Mentre il mondo subacqueo subiva il contraccolpo della pandemia da coronavirus, alcune organizzazioni sub si sono attivate per fornire la propria competenza ed esperienza nella lotta contro il virus, e probabilmente se ne uniranno molte altre.
Alla richiesta dei servizi sanitari al produttore di rebreather AP Diving di aiutarli nel fornire ossigeno a pazienti malati (grande è la preoccupazione sui livelli molto bassi di saturazione dell’ossigeno di molti pazienti all’arrivo in ospedale) il manager Martin Parker è entrato subito in azione. In un giorno, Parker e il suo team hanno sviluppato e testato un semplice adattatore con un costo minimo di 6£, che può essere montato sul primo stadio di un normale erogatore o su una bombola ossigeno, e fornire un flusso costante di ossigeno ai pazienti, regolabile a 7-9 litri/min, attraverso una mascherina non-rebreather.
Poco dopo, il governo britannico ha deciso di chiudere tutte le aziende ritenute non indispensabili, tra le quali AP Diving, ma Parker, con personale ridotto, è riuscito a produrre una fornitura di adattatori, chiamata SCUBA2MED2, da consegnare gratuitamente a persone e organizzazioni bisognose. I progetti sono stati condivisi con produttori di erogatori come Apex e Interspiro, pubblicando i disegni “open source” sul web.
Hanno anche cercato di rispondere alle esigenze della comunità locale. “Abbiamo dotato i nostri dipendenti abilitati al primo soccorso e alla somministrazione di ossigeno, di bombole O2 e di adattatori, nel caso in cui avessero dei parenti in difficoltà”, ha riferito Parker.

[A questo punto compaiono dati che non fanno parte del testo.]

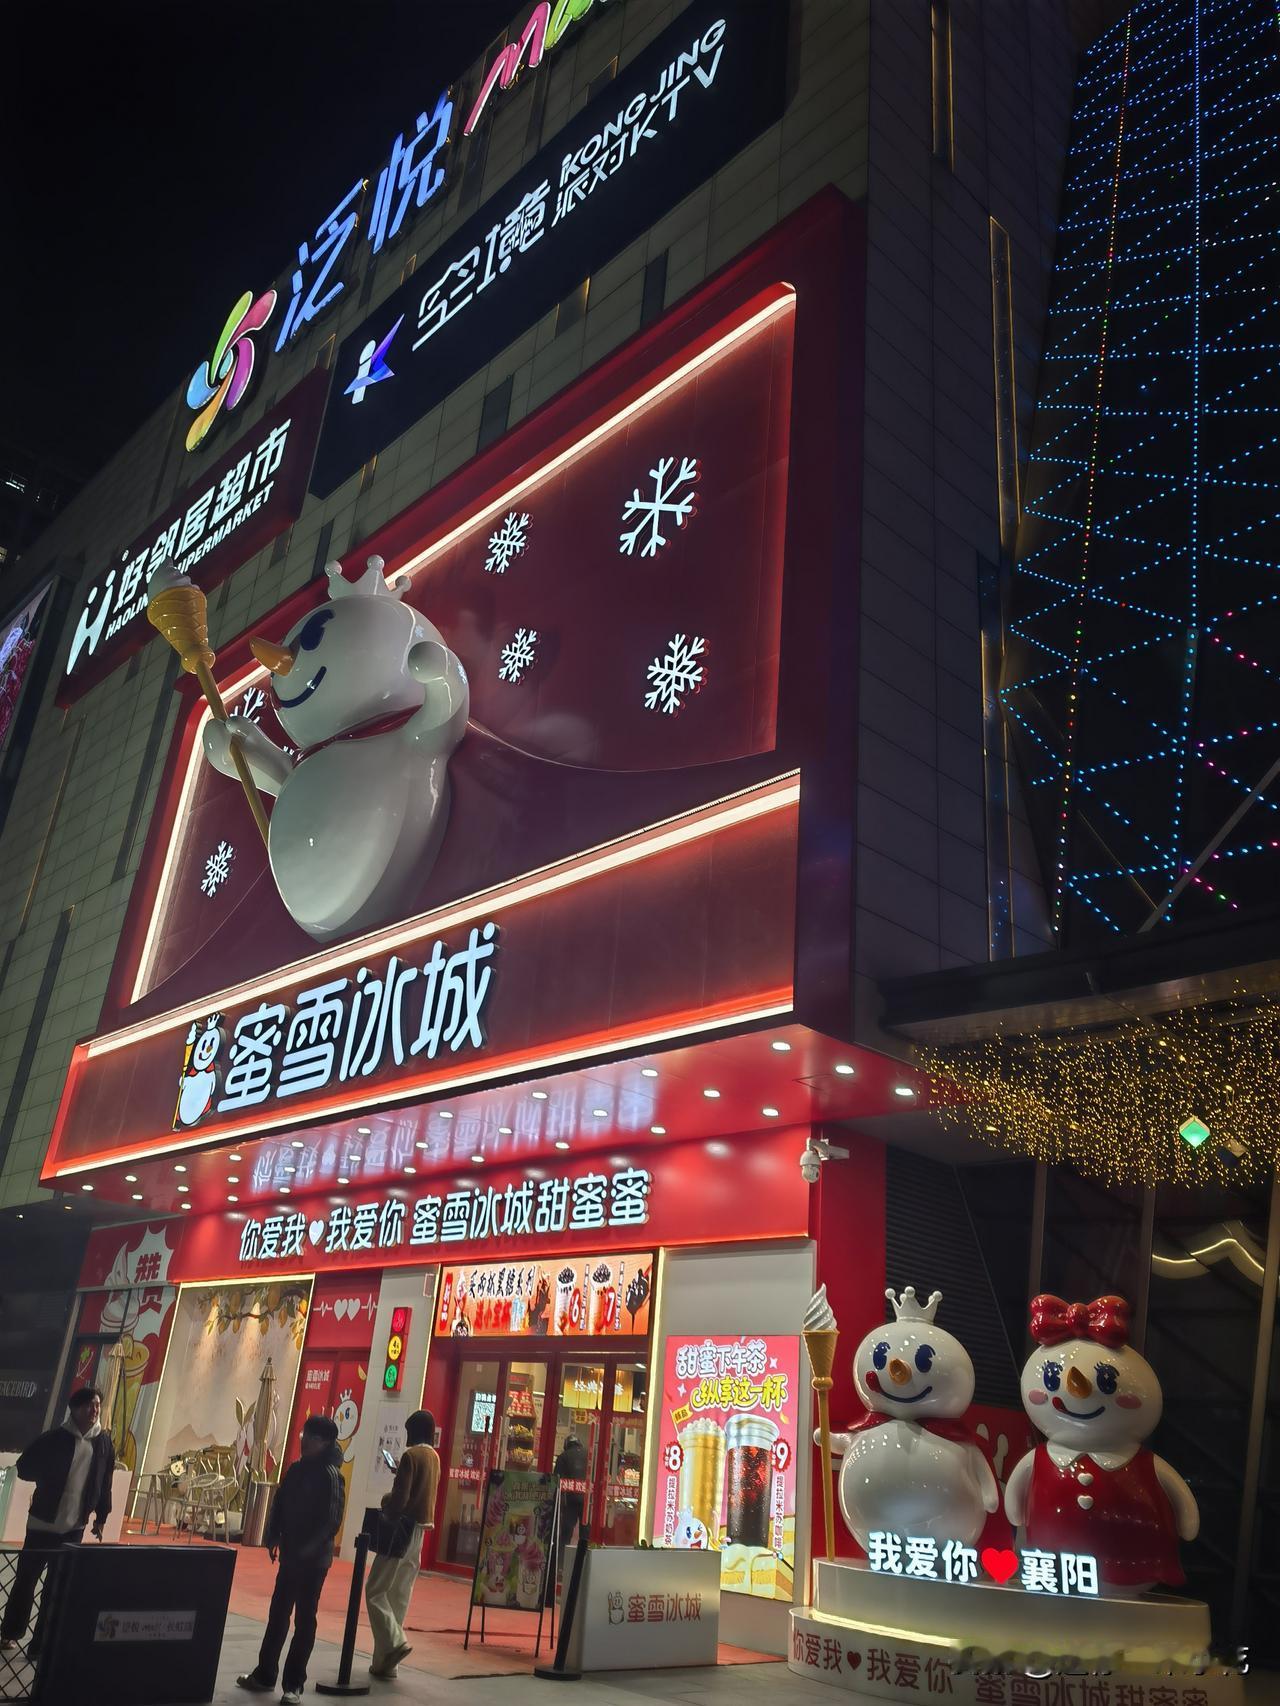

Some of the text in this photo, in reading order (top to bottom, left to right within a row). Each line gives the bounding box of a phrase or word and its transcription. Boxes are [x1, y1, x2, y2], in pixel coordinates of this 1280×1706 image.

[650, 19, 726, 103] JING
[552, 44, 725, 227] 派对KTV
[275, 88, 452, 352] 泛悦
[113, 418, 291, 612] 好邻居超市
[105, 481, 274, 641] HAOLIN UPERMARKET
[216, 922, 500, 1113] 蜜雪冰城
[239, 1167, 651, 1261] 你爱我 我爱你 蜜雪冰城甜蜜蜜
[677, 1340, 767, 1378] 甜蜜下午茶
[691, 1375, 788, 1410] 纵享这一杯
[868, 1531, 1099, 1595] 我爱你 襄阳
[627, 1593, 702, 1623] 蜜雪冰城
[793, 1628, 842, 1674] 你爱我
[867, 1648, 954, 1695] 我爱你
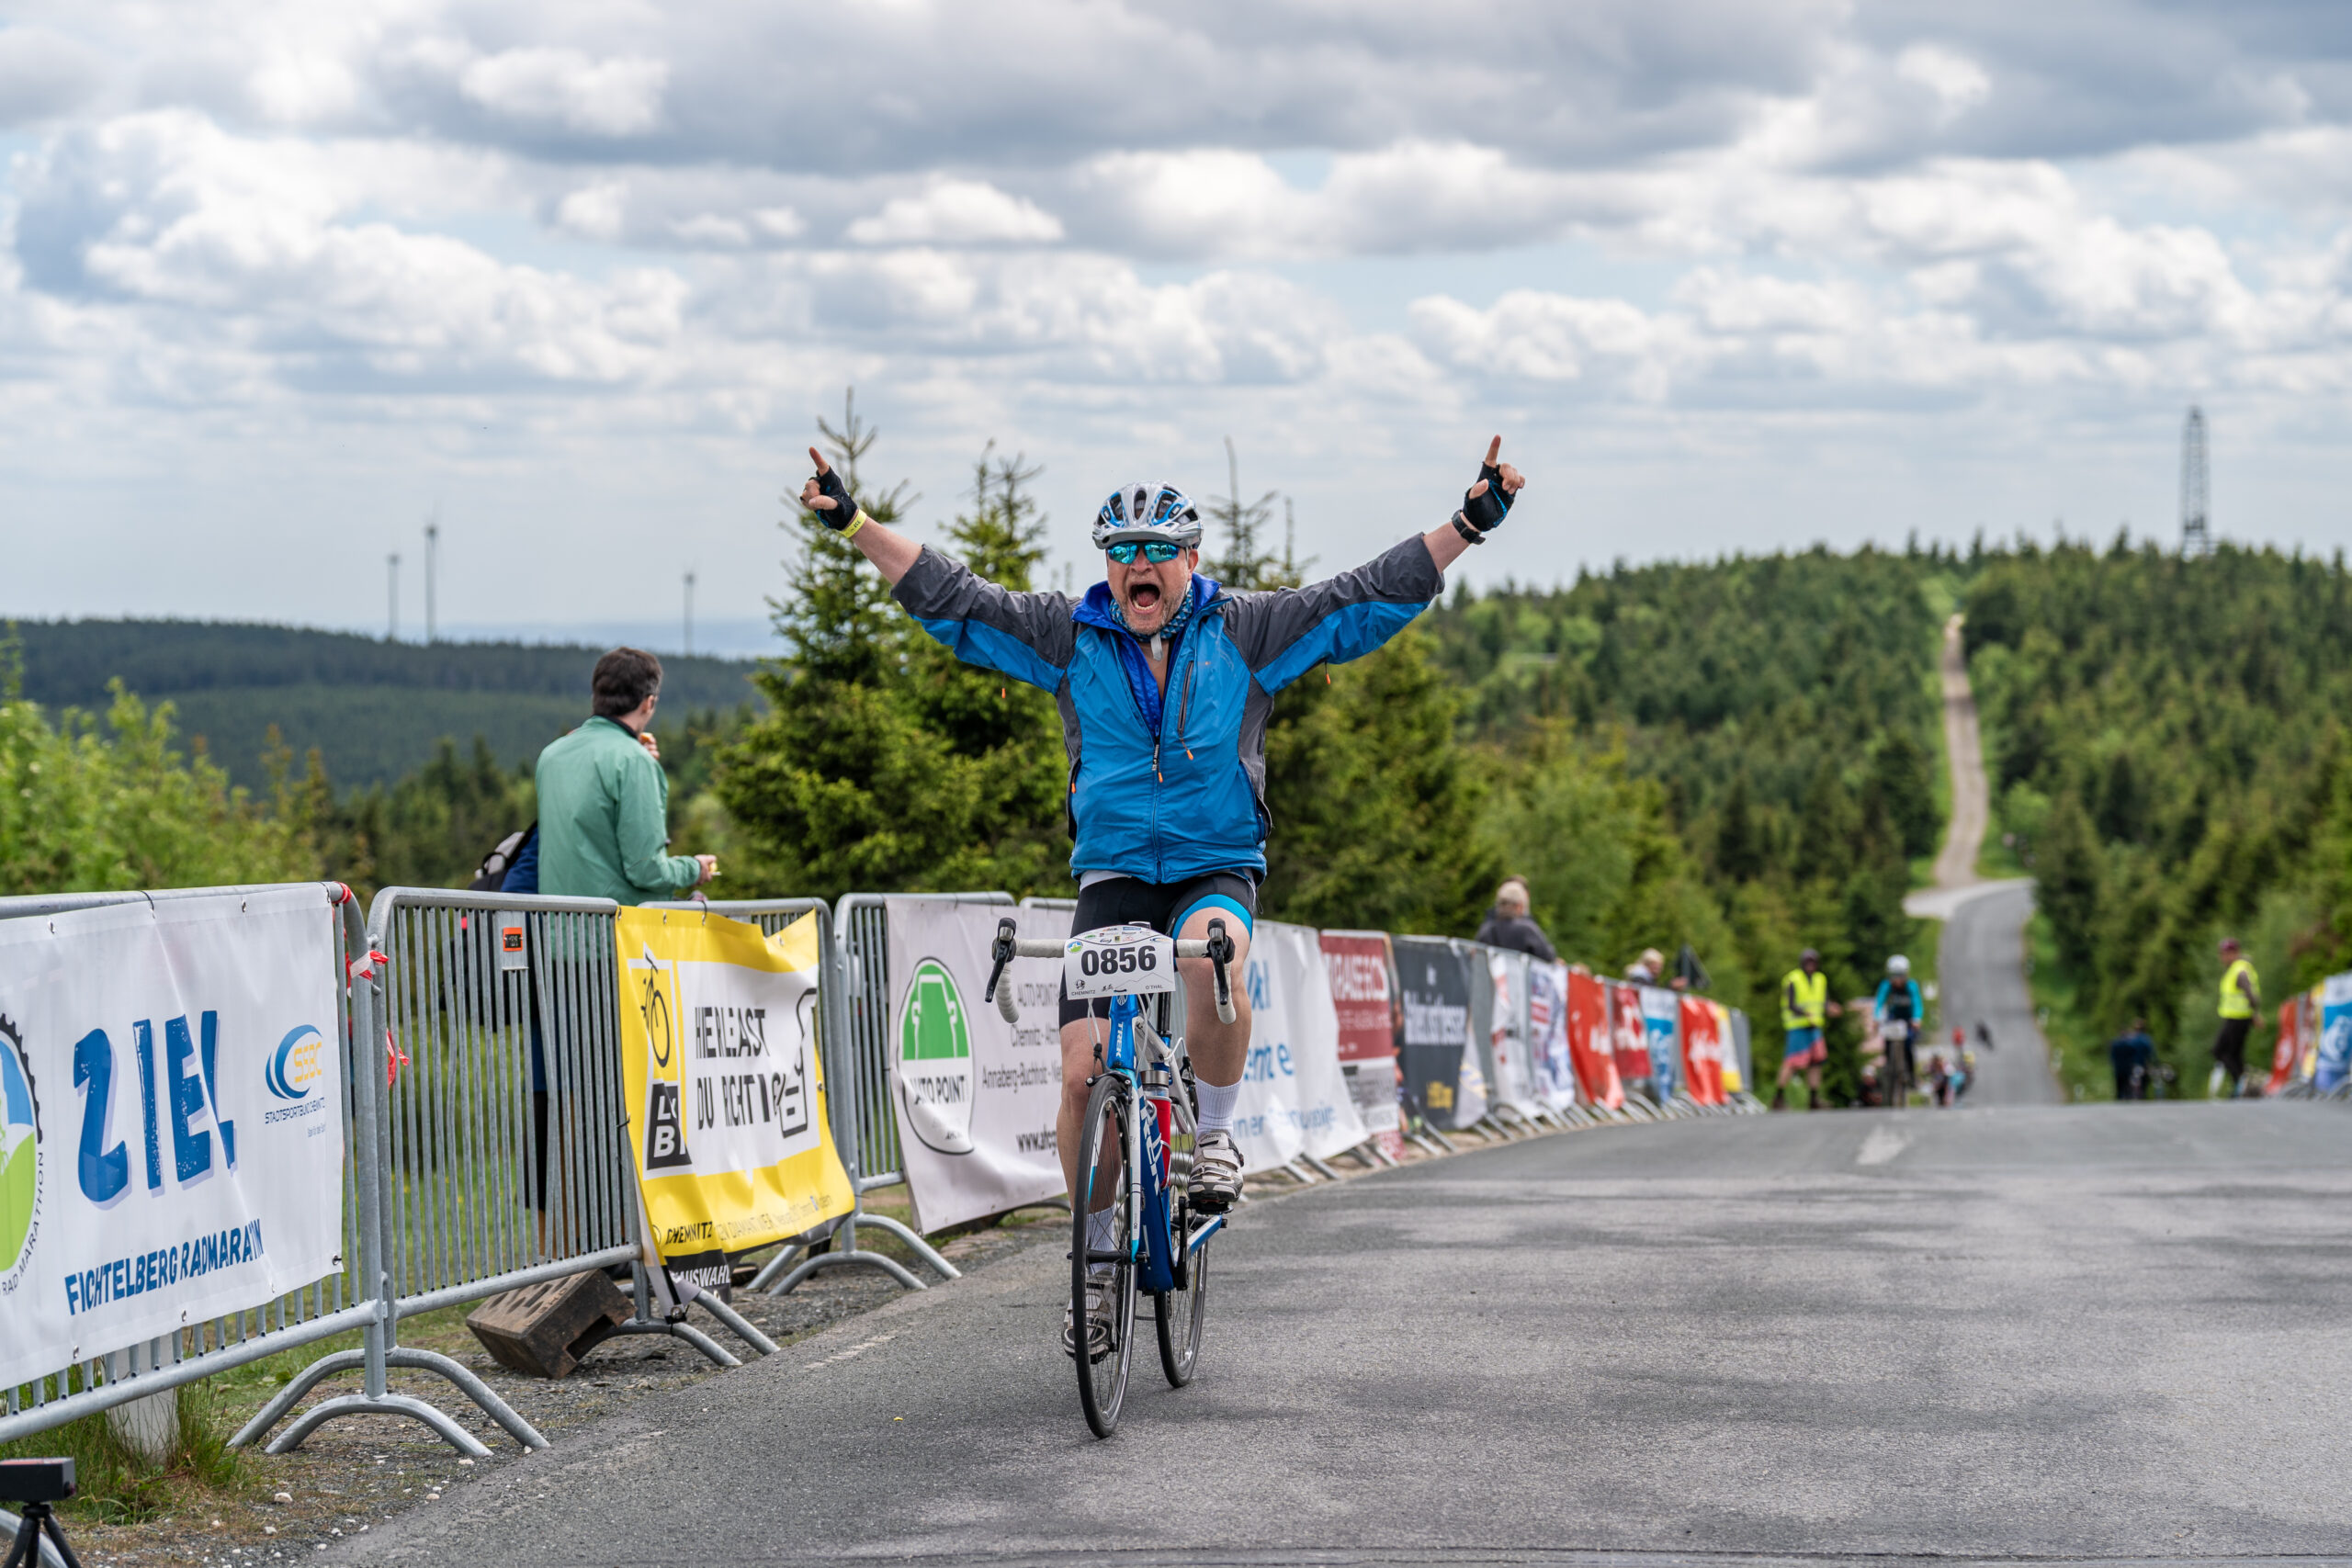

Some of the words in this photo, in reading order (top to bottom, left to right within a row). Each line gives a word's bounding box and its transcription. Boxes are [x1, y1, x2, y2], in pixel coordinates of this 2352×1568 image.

[1080, 945, 1157, 976] 0856
[1115, 1021, 1125, 1059] TREK
[697, 1076, 714, 1130] DU
[19, 1152, 43, 1277] MARATHON
[64, 1246, 178, 1316] FICHTELBERG
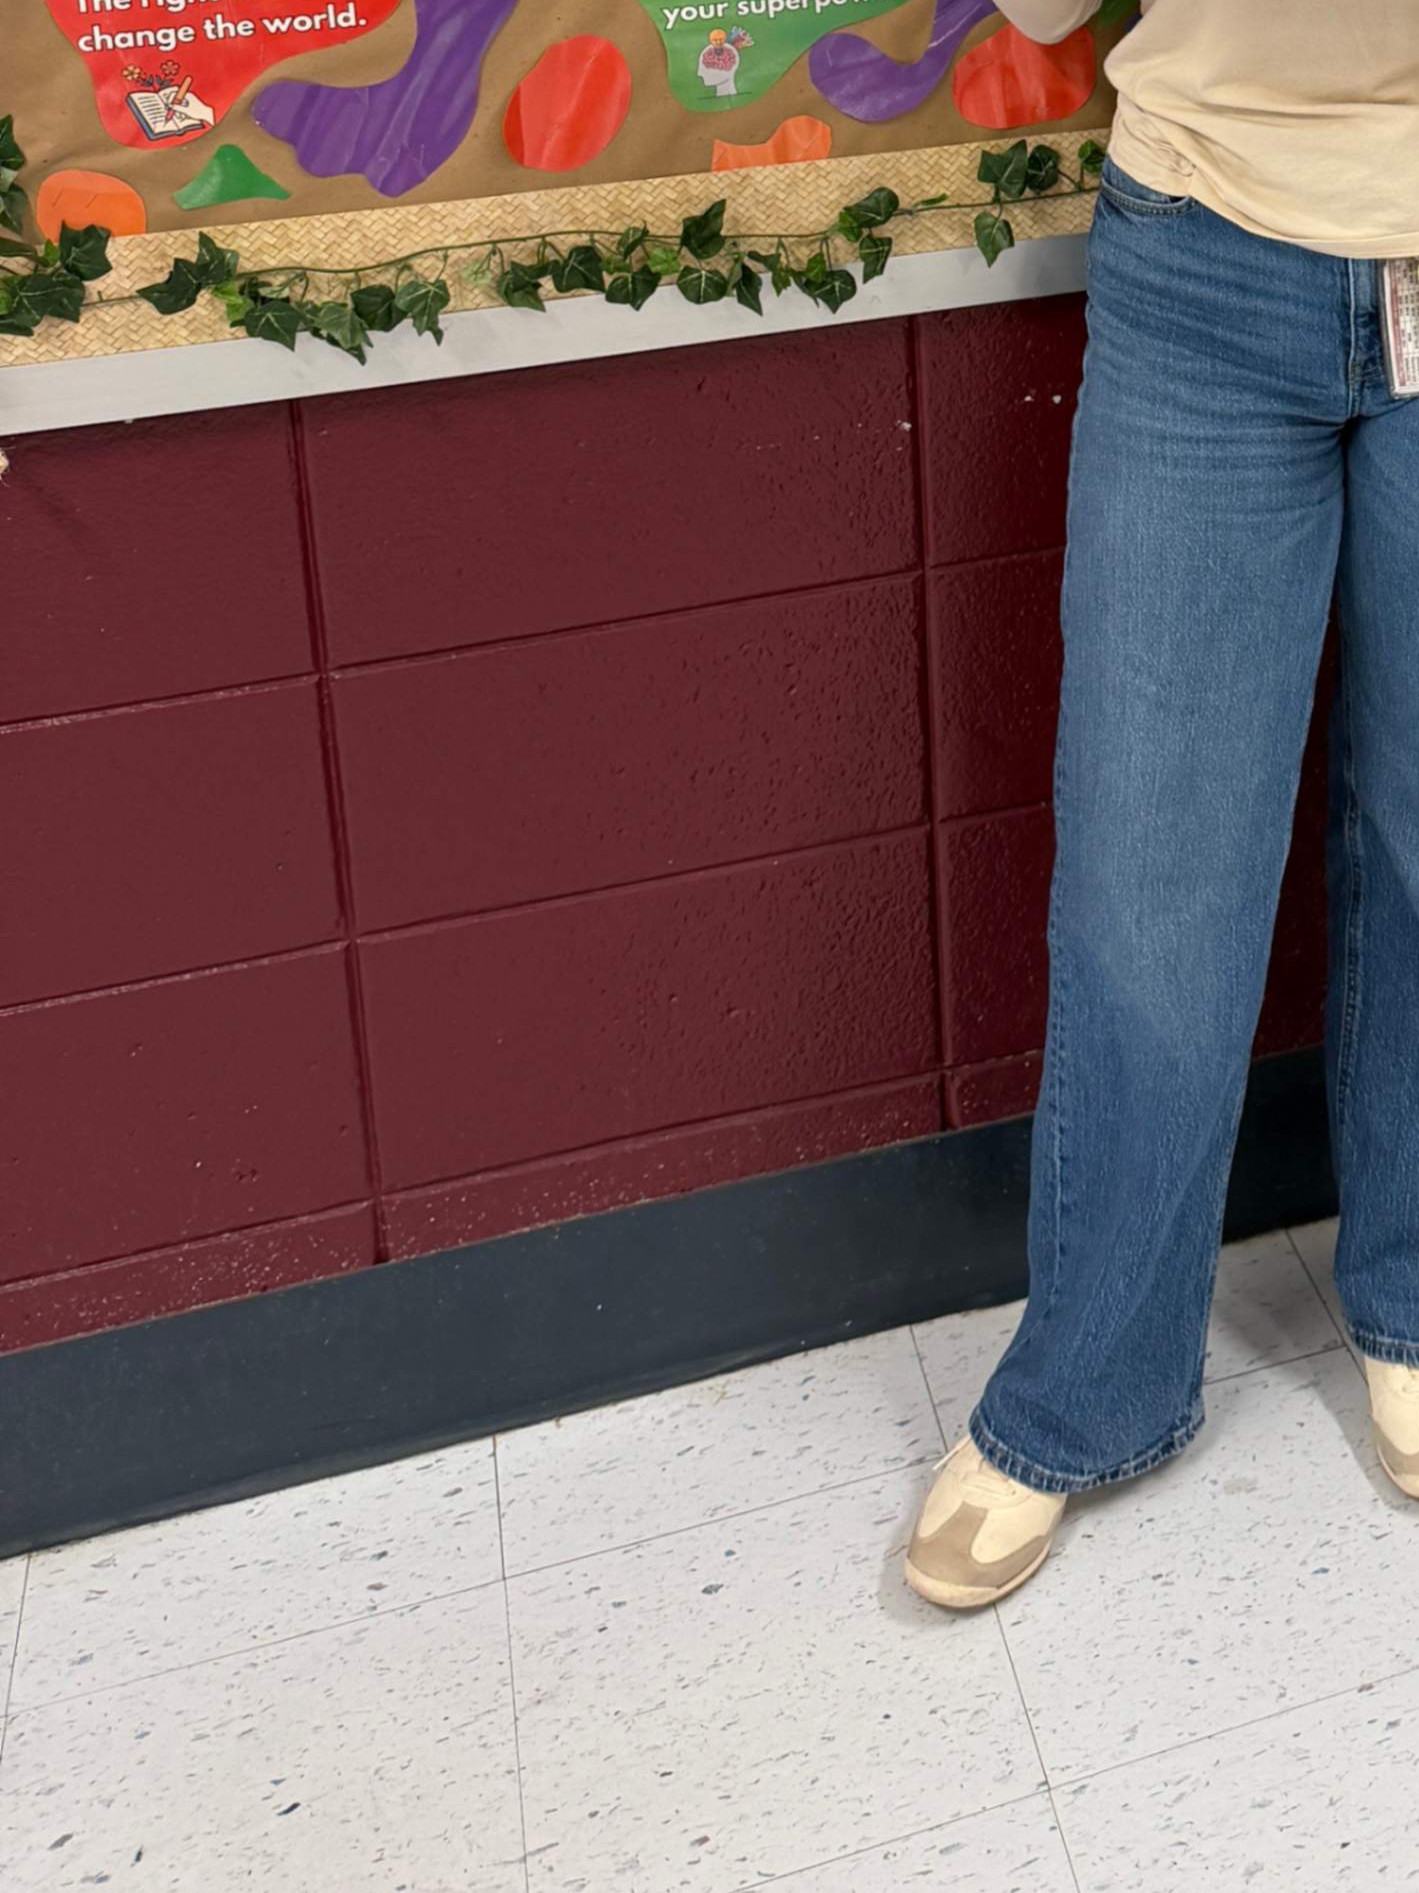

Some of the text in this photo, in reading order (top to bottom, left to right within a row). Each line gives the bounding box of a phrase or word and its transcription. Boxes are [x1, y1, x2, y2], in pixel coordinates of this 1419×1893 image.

Un inconveniente burocratico: in alcuni paesi l’ossigeno usato per le immersioni non può essere utilizzato a fini medici, o erogato da personale non formato in modo specifico, ma questa è una situazione di emergenza.
“Penso che siate d’accordo con me”, ha detto Parker “Non viviamo in circostanze normali ma in un periodo di crisi. I subacquei utilizzano ossigeno perfettamente buono, che deve superare controlli sulle impurità più rigorosi dell’ossigeno medicale, se può essere erogato ad un flusso prefissato.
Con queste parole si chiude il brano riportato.